It was only horrid, Valetta said, that Mysie should sleep in a different house; but almost as much of her company was vouchsafed on the ensuing day, Sunday, for Miss Elbury had relations at Rockquay, and was released for the entire day; and Fly was still so tired in the morning that she was not allowed to get up early in the day.
Her mother, however, came in to go to church with Adeline Mohun, and Gillian, who had heard so much of the great Marchioness, was surprised to see a small slight woman, not handsome, and worn-looking about the eyes. At the first glance, she was plainly dressed; but the eye of a connoisseur like Aunt Ada could detect the exquisiteness of the material and the taste, and the slow soft tone of her voice; and every gesture and phrase showed that she had all her life been in the habit of condescending-in fact, thought Gillian, revolving her recent experience, though Lady Liddesdale and all her set are taller, finer-looking people, they are not one bit so grand-no, not that- but so unapproachable, as I am sure she is. She is gracious, while they are just good-natured!

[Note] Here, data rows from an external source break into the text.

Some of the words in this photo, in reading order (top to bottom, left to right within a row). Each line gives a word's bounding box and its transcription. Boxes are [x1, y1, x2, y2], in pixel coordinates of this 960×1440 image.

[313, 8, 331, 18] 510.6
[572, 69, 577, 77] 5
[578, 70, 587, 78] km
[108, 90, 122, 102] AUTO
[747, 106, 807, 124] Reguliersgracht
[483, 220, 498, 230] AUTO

Aunt Ada was evidently pleased with the graciousness, and highly delighted to have to take this distinguished personage to church. Mysie was with her sisters, Valetta was extremely anxious to take her to the Sunday drawing-room class-whether for the sake of showing her to Mrs. Hablot, or Mrs. Hablot to her, did not appear.
Gillian was glad to be asked to sit with Fly in the meantime. It was a sufficient reason for not repairing to the garden, and she hoped that Kalliope was unaware of her return, little knowing of the replies by which Fergus repaid Alexis for his assistance in mineral hunting. She had no desire to transgress Miss Mohun's desire that no further intercourse should take place till she herself had spoken with Kalliope.

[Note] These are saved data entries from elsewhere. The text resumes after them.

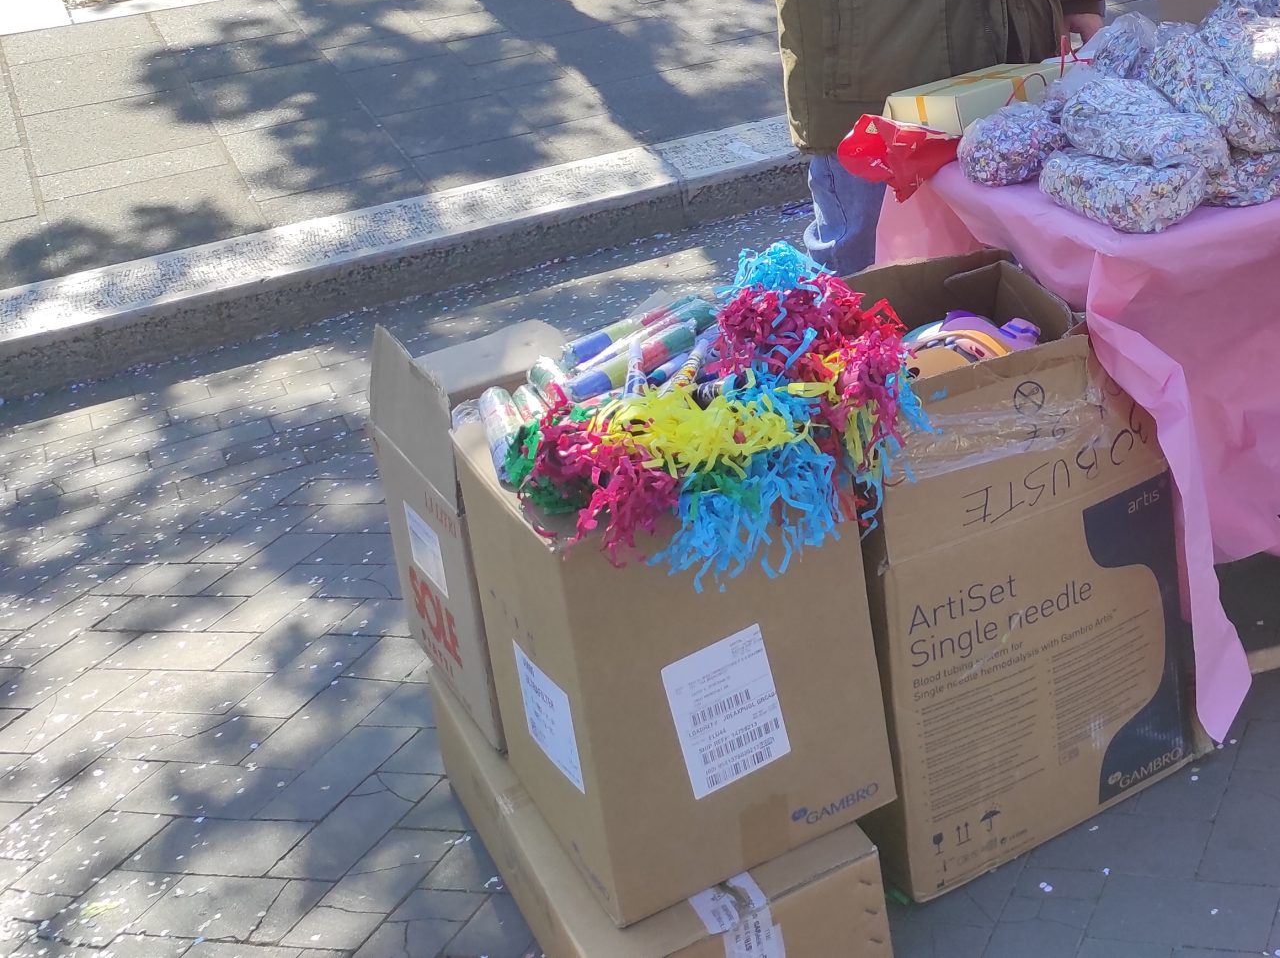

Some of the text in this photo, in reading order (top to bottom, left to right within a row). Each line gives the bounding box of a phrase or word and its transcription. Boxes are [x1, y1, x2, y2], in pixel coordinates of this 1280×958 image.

[962, 434, 1100, 527] BUSTE
[1127, 488, 1160, 515] artis
[908, 574, 1018, 635] ArtiSet
[909, 580, 1093, 668] Single needle
[912, 672, 941, 689] Blood
[943, 661, 974, 680] tubing
[1011, 642, 1025, 653] for
[914, 685, 944, 703] Single
[980, 649, 1040, 679] hemodialysis
[1041, 639, 1060, 652] with
[1061, 624, 1094, 644] Gambro
[1119, 747, 1185, 789] GAMBRO
[806, 782, 880, 824] GAMBRO

She found little Phyllis Devereux a great deal taller and thinner than the droll childish being who had been so amusing two years before at Silverfold, but eagerly throwing herself into her arms with the same affectionate delight. All the table was spread with pretty books and outlined illuminations waiting to be painted, and some really beautiful illustrated Sunday books; but as Gillian touched the first, Fly cried out, 'Oh, don't! I am so tired of all those things! And this is such a stupid window. I thought at least I should see the people going to church, and this looks at nothing but the old sea and a tiresome garden.'
'That is thought a special advantage,' said Gillian, smiling.
'Then I wish some one had it who liked it!'
'You would not be so near us.'
'No, and that is nice, and very nice for Mysie. How are all the dear beasts at Silverfold-Begum, and all?'
'I am afraid I do not know more about them than Mysie does. Aunt Jane heard this morning that she must go down there to-morrow to meet the health-man and see what he says; but she won't take any of us because of the diphtheria and the scarlet fever being about.'
'Oh dear, how horrid those catching things are! I've not seen Ivinghoe all this winter! Ah! but they are good sometimes! If it had not been for the measles, I should never have had that most delicious time at Silverfold, nor known Mysie. Now, please tell me all about where you have been, and what you have been doing.'
Fly knew some of the younger party that Gillian had met at Rowthorpe; but she was more interested in the revels at Vale Leston, and required a precise description of the theatricals, or still better, of the rehearsals. Never was there a more appreciative audience, of how it all began from Kit Harewood, the young sailor, having sent home a lion's skin from Africa, which had already served for tableaux of Androcles and of Una-how the boy element had insisted on fun, and the child element on fairies, and how Mrs. William Harewood had suggested Midsummer Night's Dream as the only combination of the three essentials, lion, fun, and fairy, and pronounced that education had progressed far enough for the representation to be 'understanded of the people,' at least by the 6th and 7th standards. On the whole, however, comprehension seemed to have been bounded by intense admiration of the little girl fairies, whom the old women appeared to have taken for angels, for one had declared that to hear little Miss Cherry and Miss Katie singing their hymns like the angels they was, was just like Heaven. She must have had an odd notion of 'Spotted snakes with double tongues.' Moreover, effect was added to the said hymns by Uncle Lance behind the scenes.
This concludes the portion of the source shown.